リミッター

 生物には自らの限界を超えて活動できる能力が備わっている。しかし、日常生活でその能力を発揮することはまれである。何故なら限界を超えると言うことは、身体や精神に多大な負担を強いることになるからだ。


『火事場の馬鹿力』がその代表例だろう。危険、危機が差し迫った状況下で生物は思いもよらない潜在能力を発揮することがある。火事の際、普段は一人ではとても持ち上げられないような、とてつもなく重い家具を持って逃げたなんて話を聞いたことがないだろうか。

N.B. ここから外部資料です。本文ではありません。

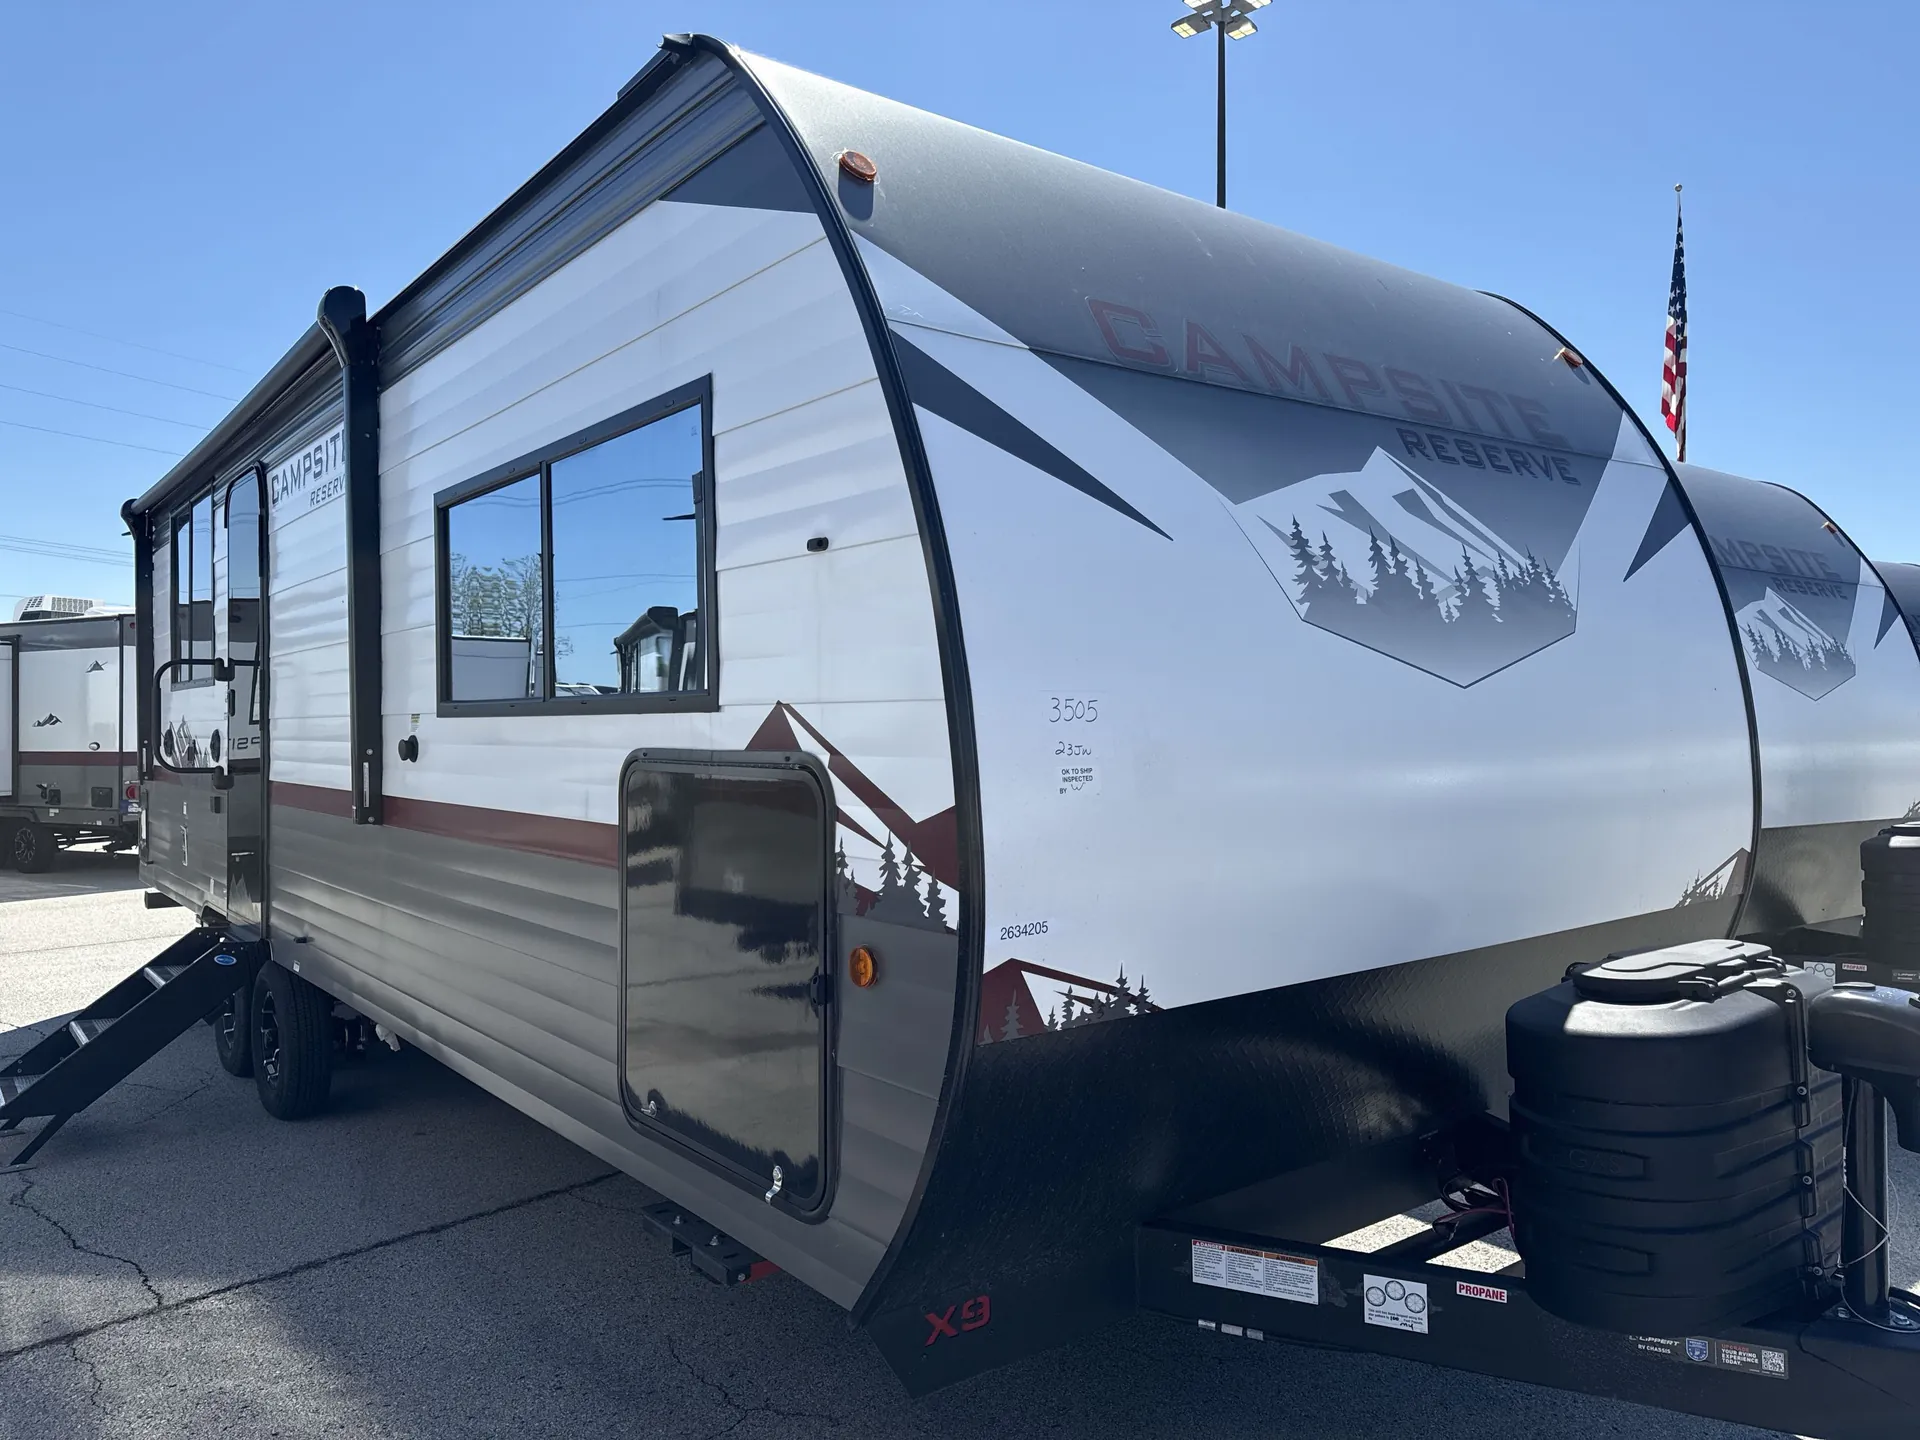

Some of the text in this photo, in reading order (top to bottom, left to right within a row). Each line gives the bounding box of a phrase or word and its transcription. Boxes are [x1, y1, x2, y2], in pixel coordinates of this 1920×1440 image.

 もちろん、こんな力を日常的に使ったのでは筋肉や腱が切れたり、場合によっては骨折することだってある。だから普段は使えない様に、脳の中に『リミッター』が存在する。


 事故の様子をスローモーションのように記憶しているなんてのもそうだ。一時的に感覚神経が研ぎすまされ、メモリー領域が拡張される。神経も脳も多大な疲労を強いられる。気を失ったり、最悪、そのまま死に至ることもある。

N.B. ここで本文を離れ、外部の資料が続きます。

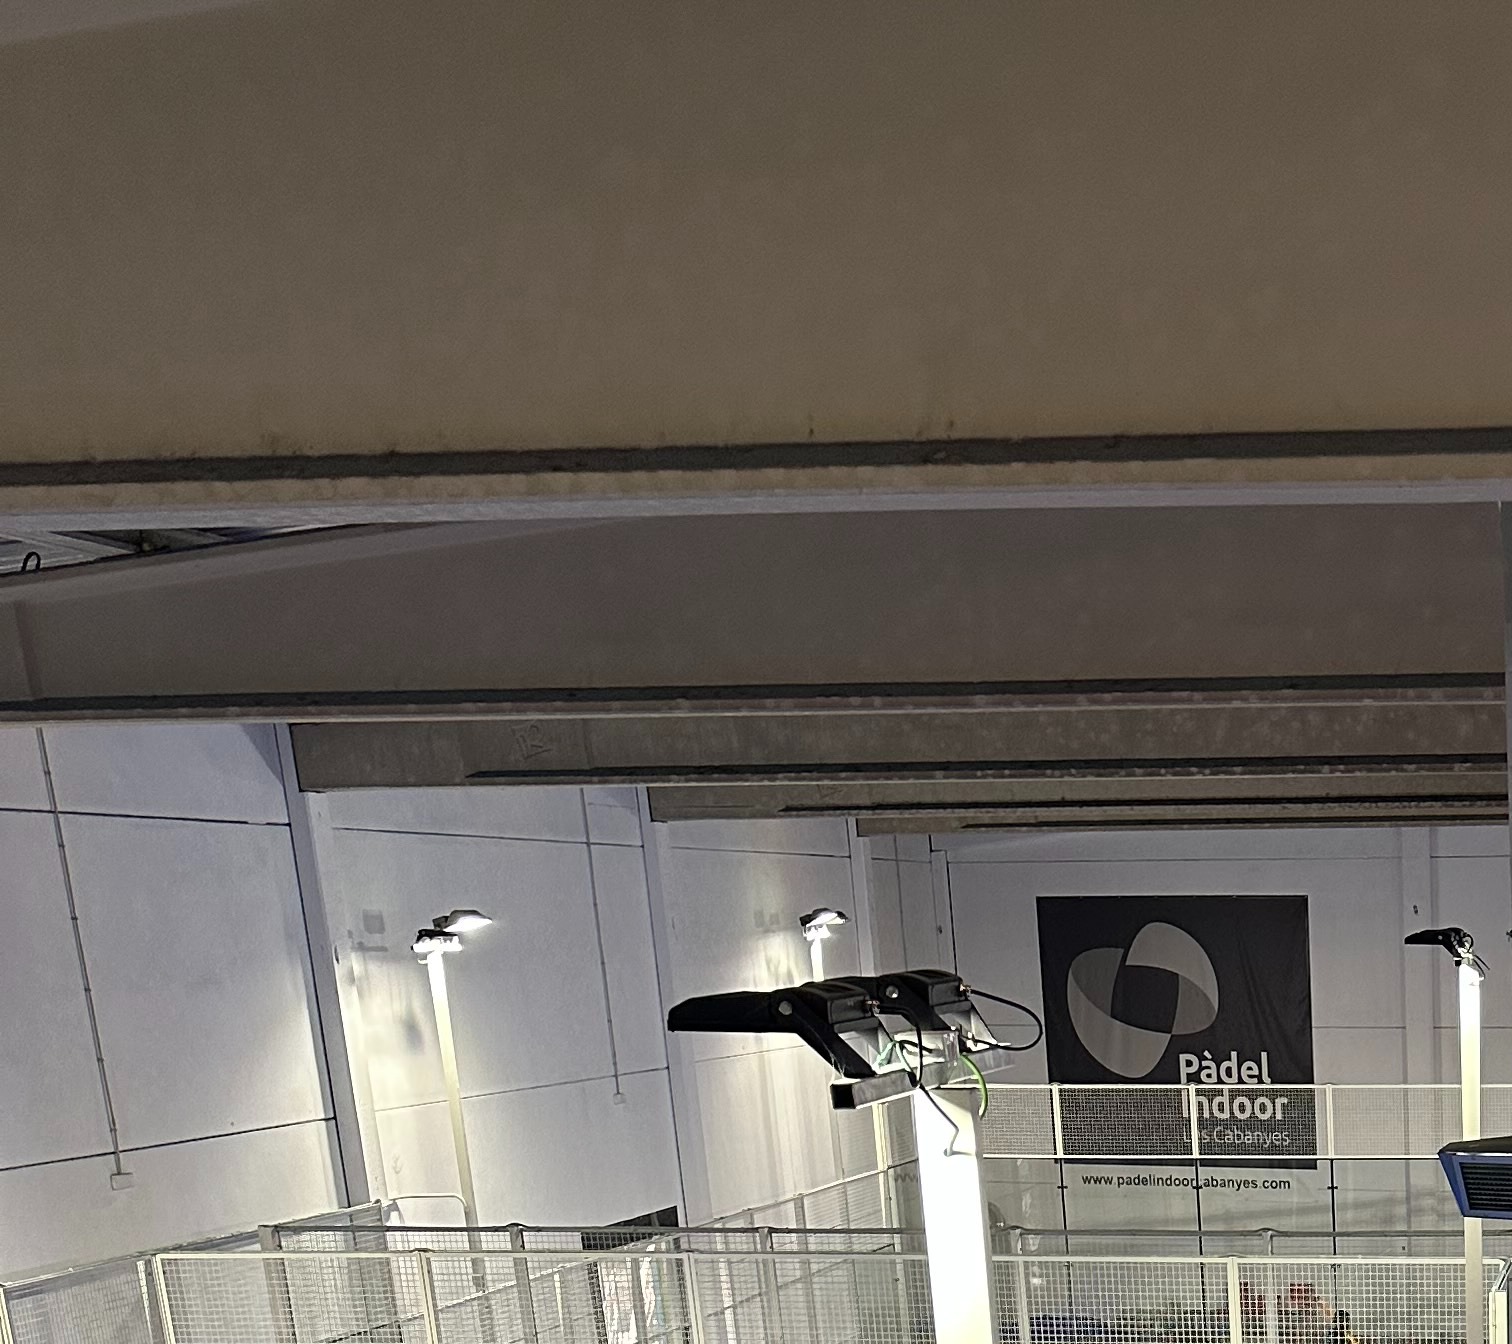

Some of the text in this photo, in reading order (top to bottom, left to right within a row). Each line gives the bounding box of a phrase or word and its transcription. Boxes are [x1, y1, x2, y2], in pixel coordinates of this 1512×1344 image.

[1179, 1050, 1271, 1084] Pàdel
[1181, 1088, 1288, 1119] Indoor
[1182, 1126, 1289, 1147] Ls Cabanyes
[1081, 1174, 1291, 1191] www.padelindoorabanyes.com

『リミッター』は通常、痛みや苦痛としてあらわれる。肉体が限界を超えて活動できない様に脳が制御しているのだ。


 しかし、ある種のスポーツ選手や武術家などは鍛錬によってこれを乗り越える。『ランナーズ・ハイ』などが、その代表例だろう。脳内にモルヒネのような麻薬作用のある物質が生成されて、痛みや苦痛を緩和するとされている。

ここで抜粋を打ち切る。